Activity »
Print all records exactly, pictures left out.

Free-text object descriptions
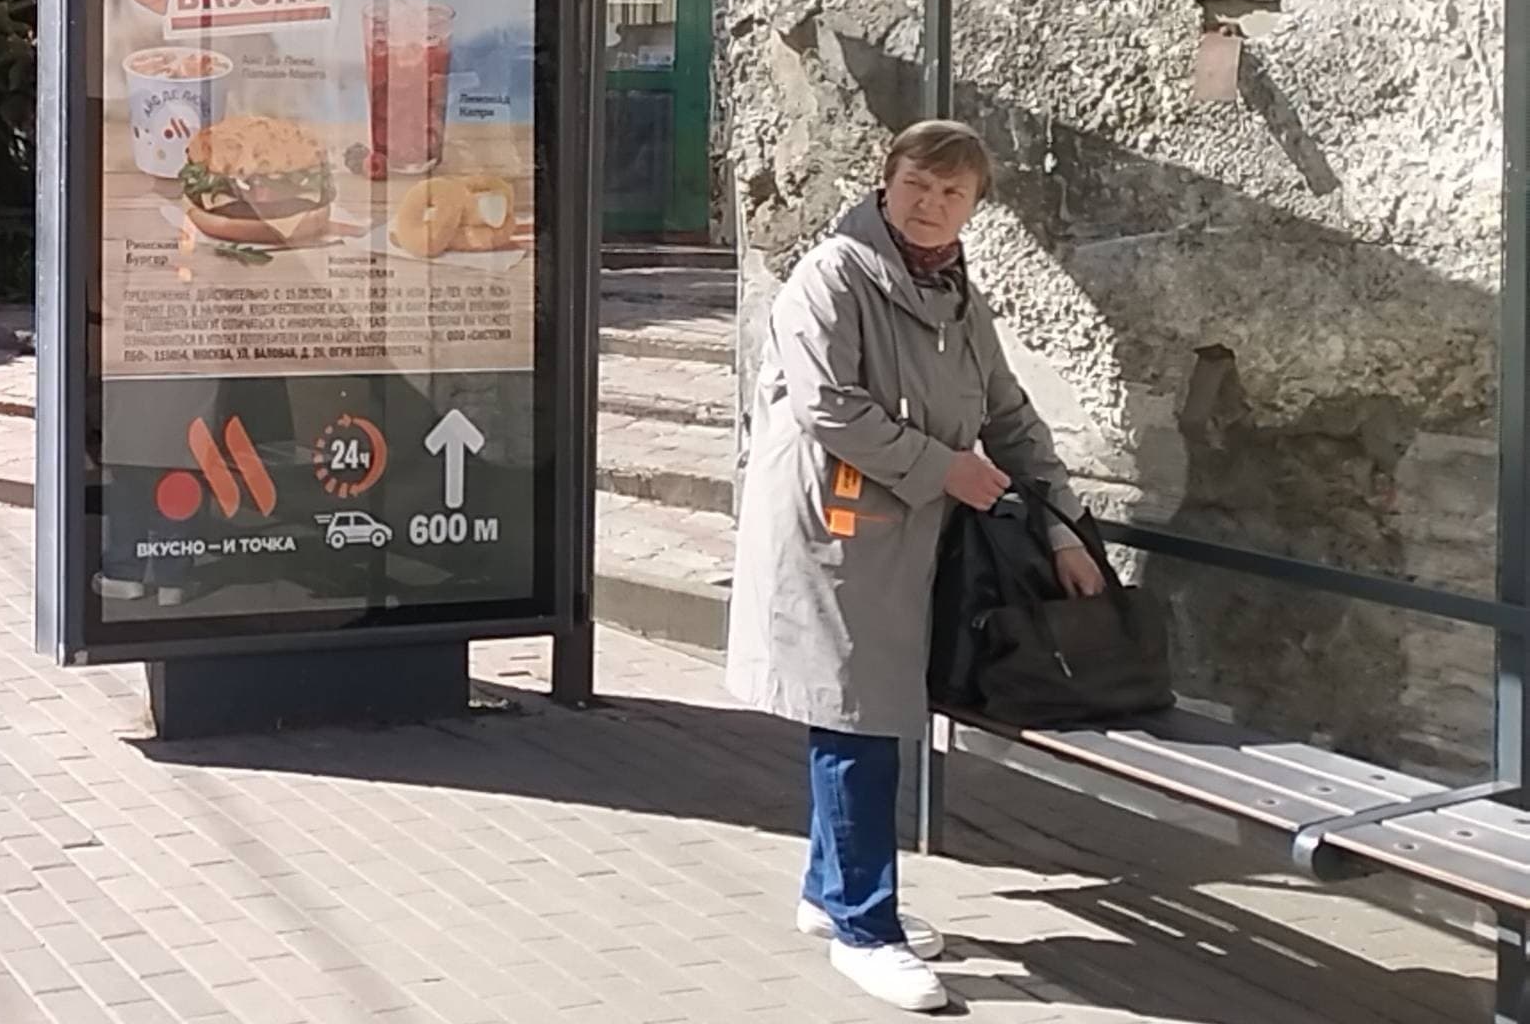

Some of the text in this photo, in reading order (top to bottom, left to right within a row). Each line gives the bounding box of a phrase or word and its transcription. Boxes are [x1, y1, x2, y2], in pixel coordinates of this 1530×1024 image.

[126, 253, 169, 266] Бургер
[409, 514, 468, 545] 600
[136, 540, 205, 558] ВКУСНО
[239, 536, 297, 553] ТОЧКА

Answer box »
Some of the text in this photo, in reading order (top to bottom, left to right within a row). Each line gives the bounding box of a phrase or word and its transcription. Boxes are [x1, y1, x2, y2], in pixel coordinates of this 1530×1024 image.

[126, 253, 169, 266] Бургер
[409, 514, 468, 545] 600
[136, 540, 205, 558] ВКУСНО
[239, 536, 297, 553] ТОЧКА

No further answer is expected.